BACKGROUND: Prolonged continuous oxytocin administration during labor may induce oxytocin receptor desensitization, which attenuates the response of the myometrium to further oxytocin, increasing the risk of postpartum hemorrhage. The literature comparing pulsatile (intermittent) versus continuous oxytocin administration for induction and augmentation of labor is inconsistent with regard to maternal outcomes. We aimed to determine the effect of intermittent versus continuous oxytocin preexposure on myometrial responsiveness to subsequent oxytocin. We hypothesized that intermittent oxytocin pretreatment would result in superior subsequent oxytocin-induced contractility than continuous oxytocin pretreatment.

METHODS: This in vitro study was undertaken using myometrium obtained from women undergoing elective cesarean deliveries. Each myometrial strip was mounted in an individual organ bath with physiological salt solution under homeostatic conditions and allocated to one of 3 groups: (1) control (no pretreatment); (2) continuous (pretreatment with oxytocin 10(-5) M for 2 hours); or (3) intermittent (pretreatment with alternating oxytocin 10 M and physiological salt solution every 15 minutes, for 2 hours). After pretreatment, dose-response testing to oxytocin 10(-5) to 10(-5) M was performed and contractile parameters were measured. The primary outcome was motility index (MI, amplitude × frequency) of contractions.

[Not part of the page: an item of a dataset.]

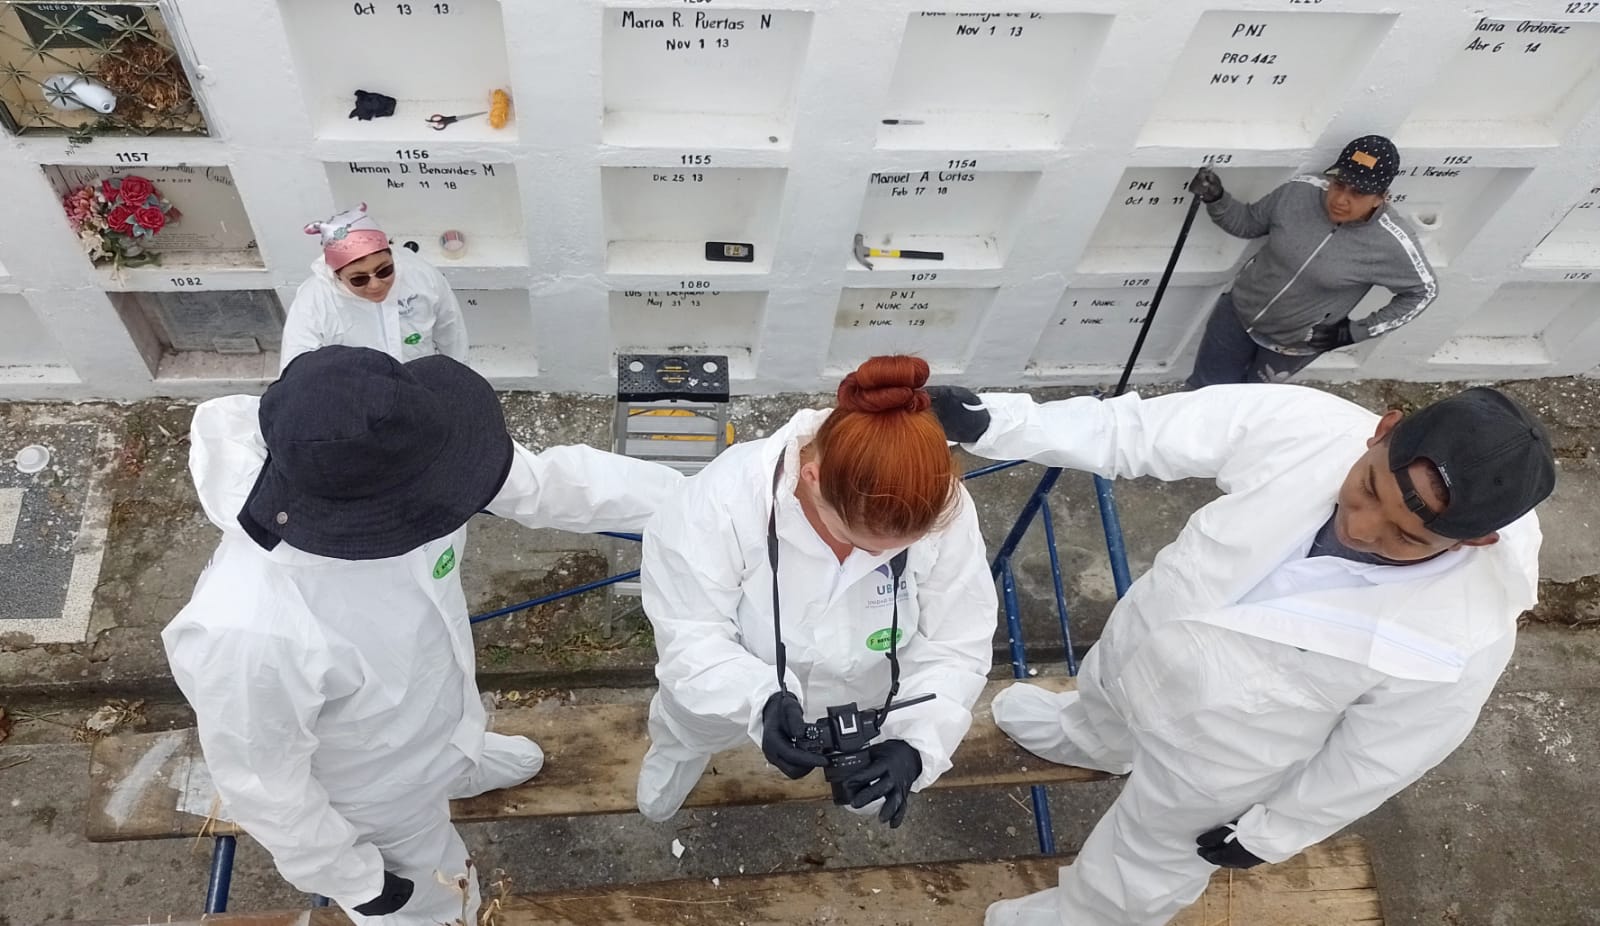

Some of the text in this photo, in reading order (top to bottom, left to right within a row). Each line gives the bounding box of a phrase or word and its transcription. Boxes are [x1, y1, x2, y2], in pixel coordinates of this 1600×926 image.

RESULTS: Eighteen women were recruited, and 86 successful experiments were performed (control n = 29, continuous n = 28, intermittent n = 29). The means (standard errors) of MI (√g·contractions/10 min) in the control, continuous, and intermittent groups were 2.34 (0.09), 1.78 (0.09), and 2.13 (0.11), respectively. The MI was significantly reduced in the continuous group when compared to the control (estimated difference [95% confidence interval {CI}], -0.56 [-0.81 to -0.31]; P < .01) and intermittent group (estimated difference [95% CI], -0.35 [-0.62 to -0.08]; P = .01). There was no significant difference in MI between the intermittent and control group (estimated difference [95% CI], -0.21 [-0.51 to 0.09]; P = .17).

CONCLUSIONS: Human myometrium remains more responsive to subsequent oxytocin after intermittent compared to continuous exposure to oxytocin, most likely due to reduction in oxytocin receptor desensitization, or facilitation of receptor resensitization in the intermittent group. Hence, intermittent oxytocin administration during labor warrants further investigation as a technique to preserve uterine oxytocin responsiveness.